Air India tested 3,500 employees and determined that 
600 were overweight or obese. They were put on a regimen of diet and 
exercise before being reassessed.
“About 130 of them failed the 
reassessment,” an Air India official told the Telegraph. “We are now 
declaring them permanently unfit for their job as flight attendants.”
“People
 who are fitter can respond quicker and more efficiently in case of any 
untoward situation,” another airline official said.
But Air India’s new policy has plenty of critics.
‘The guidelines are arbitrary and discriminatory,” an official from the All India Cabin Crew Association told the Daily Mail. “They just can’t wake up one fine morning and make some crazy rules citing flimsy reasons.”
Flight
 attendants and aviation experts have called the policy “shallow” and an
 underhanded way to screen out talented but less attractive employees, 
according to the Telegraph.
“This move to impose a certain BMI, 
ignoring experience and other performance parameters, is immature, 
misogynistic and shockingly sexist,” aviation industry consultant Mark 
Martin told the newspaper. “We seem to have lost the plot on what is 
needed from flight attendants.”
Weight was once a consideration 
for American airlines, as well, but then a series of 
weight-discrimination lawsuits forced carriers to scrap their 
guidelines, according to CNN.
Part
 of the problem seems to be that the state-owned airline is in a race to
 compete with newer private companies whose employees are often younger 
and thinner.
Air India has made a number of moves in recent years to catch up to its competitors, including scrapping its sari-only dress policy
 earlier this year. More controversially, however, the airline 
has openly admitted that it is trying to up its aesthetic standards.
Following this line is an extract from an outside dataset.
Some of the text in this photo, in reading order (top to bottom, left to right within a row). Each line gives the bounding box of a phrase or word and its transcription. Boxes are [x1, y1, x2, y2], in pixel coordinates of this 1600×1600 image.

“Looks matter in this line of work,” personnel manager Meenakshi Dua told the BBC in 2004, “and therefore we are giving it a lot of importance.”
“When
 we review a candidate, we look at the skin, teeth and height,” she 
said. “There should be no scars, acne, or any major marks on the face.
“The
 candidate should have a pleasing personality, should be able to carry 
him or herself with confidence and be ready to serve others. After all, 
that is the job of an air hostess and a male steward.”
The company has also been sued in the past for allegedly barring women from supervisory positions.
When
 it comes to weight limits, at least, Air India isn’t alone. Sometimes, 
sexism can cut the other way. In 2013, rival Indian airline GoAir said 
it was hiring mostly women because they weighed less than men, according to CNN.
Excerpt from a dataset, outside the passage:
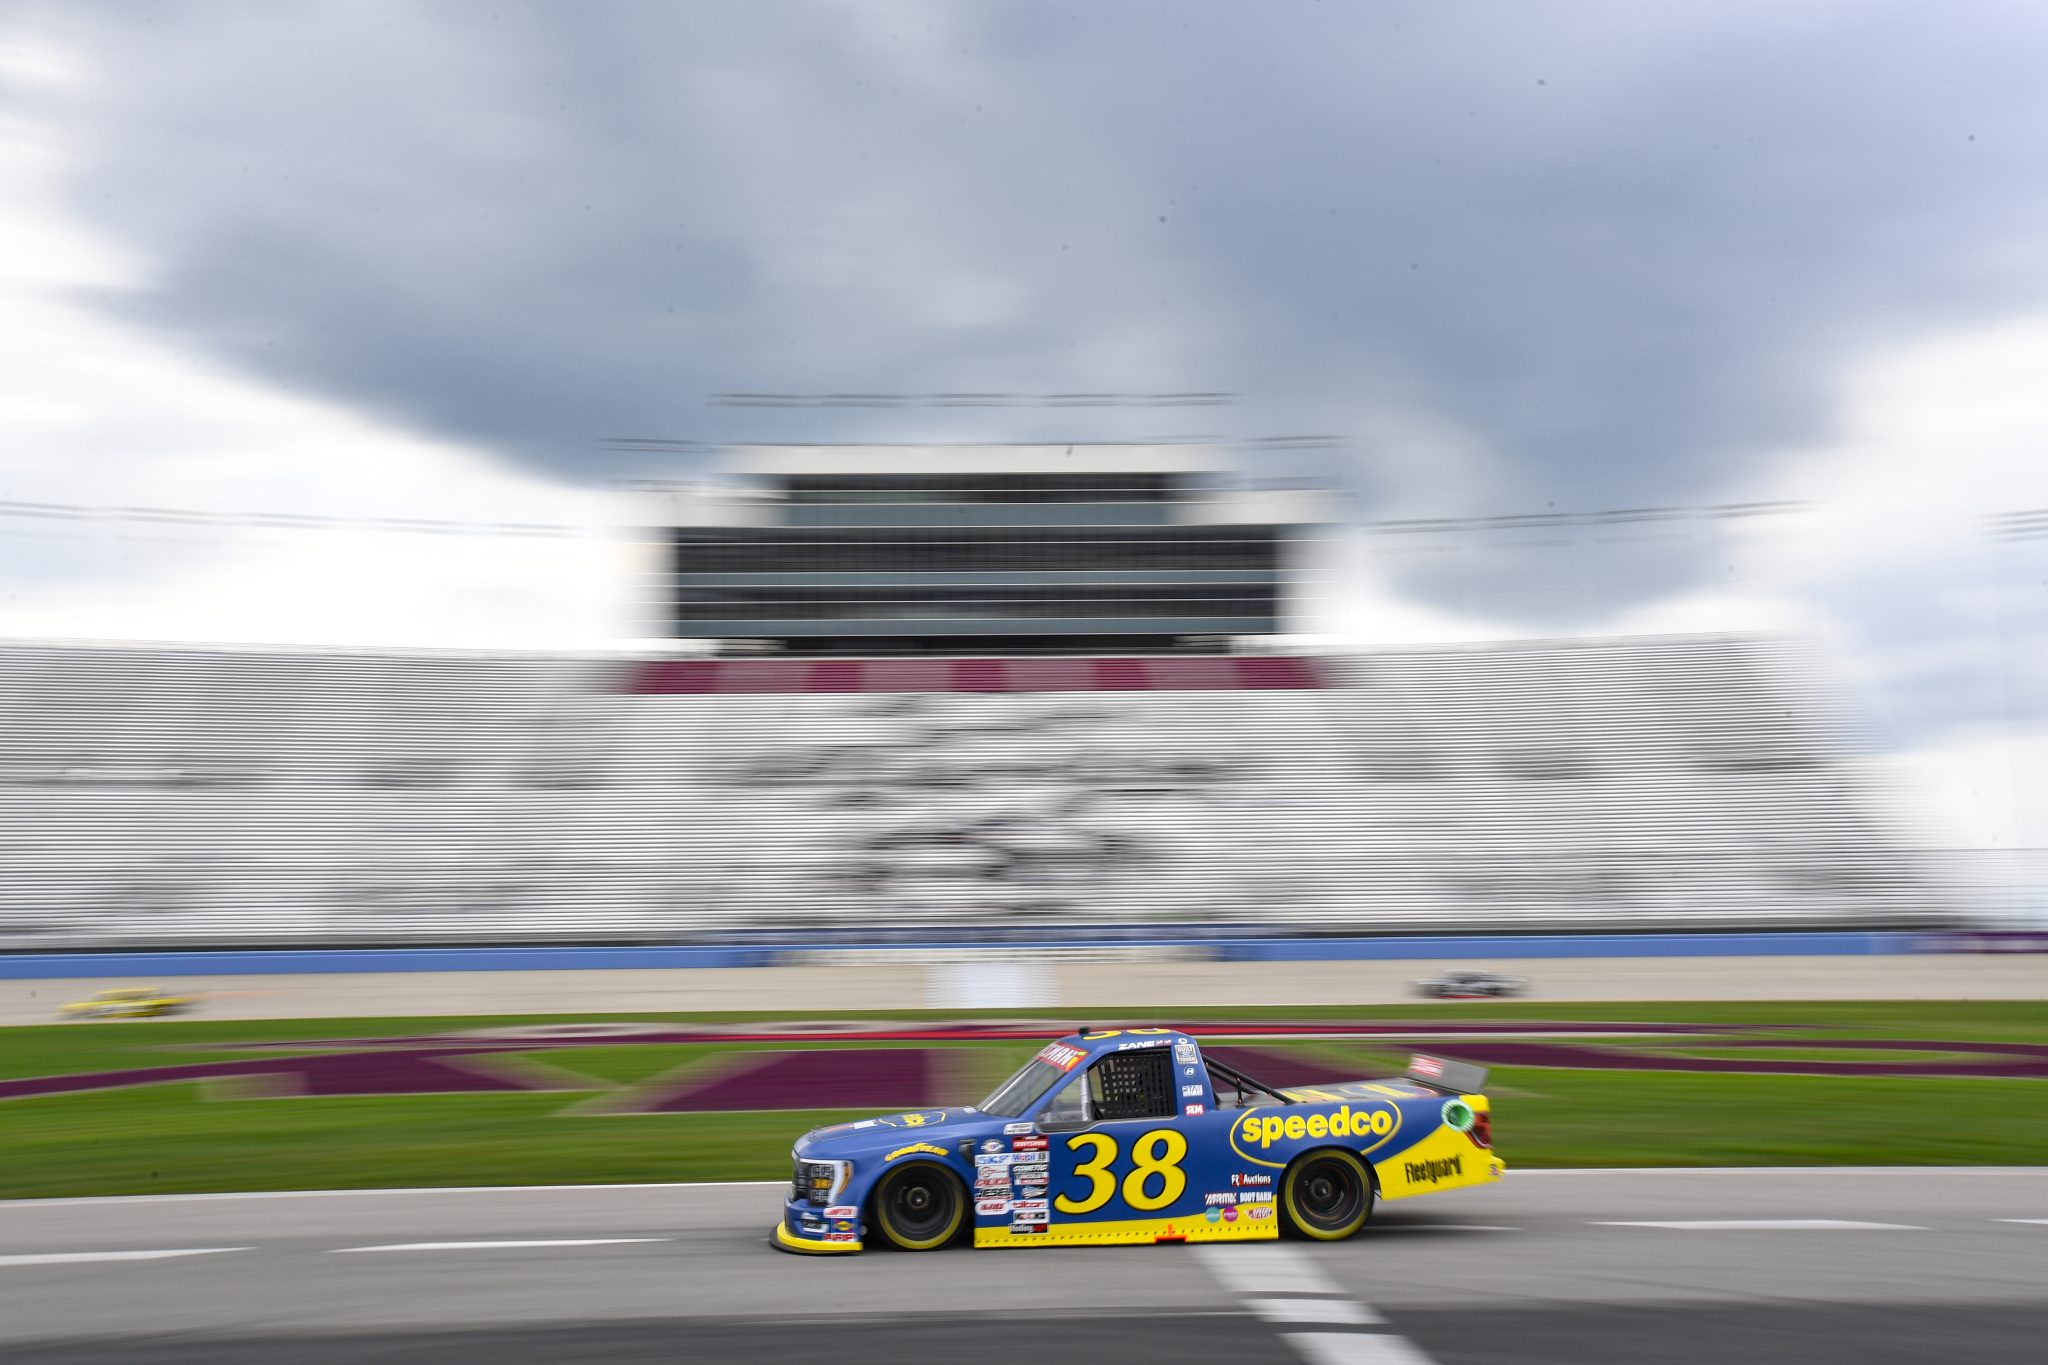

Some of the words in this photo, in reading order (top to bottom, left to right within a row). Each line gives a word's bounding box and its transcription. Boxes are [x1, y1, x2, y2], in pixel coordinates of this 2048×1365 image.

[1118, 1039, 1156, 1051] ZANE
[1241, 1105, 1393, 1149] speedco
[1053, 1128, 1188, 1214] 38
 Thai Airways has also imposed weight limits on its flight attendants, 
grounding several dozen — most of them men — for their bulging 
waistlines back in 2011, also according to CNN.
More
 recently, Chinese company Qingdao Airlines was accused of grounding or 
firing employees due to their weight. A Qingdao spokesperson told the South China Morning Post that the airline did, indeed, have stringent weight requirements, but denied any employees had been grounded or sacked.
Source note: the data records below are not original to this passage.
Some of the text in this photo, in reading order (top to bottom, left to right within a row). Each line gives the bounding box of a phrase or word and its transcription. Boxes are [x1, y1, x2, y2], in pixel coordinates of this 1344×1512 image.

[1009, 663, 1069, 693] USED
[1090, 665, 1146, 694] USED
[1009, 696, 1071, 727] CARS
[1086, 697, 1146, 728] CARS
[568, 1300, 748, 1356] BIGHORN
Back in 2009, however, an Indian judge had another idea for improving airline performance.
“You
 should focus on how they serve passengers, their good conduct instead 
of their weight,” Supreme Court justice Tarun Chatterjee told Air India’s lawyers. “Weight is no criteria to determine competence.”
“You tell me the mantra on how to lose weight,” Chatterjee added. “I haven’t been able to lose weight.”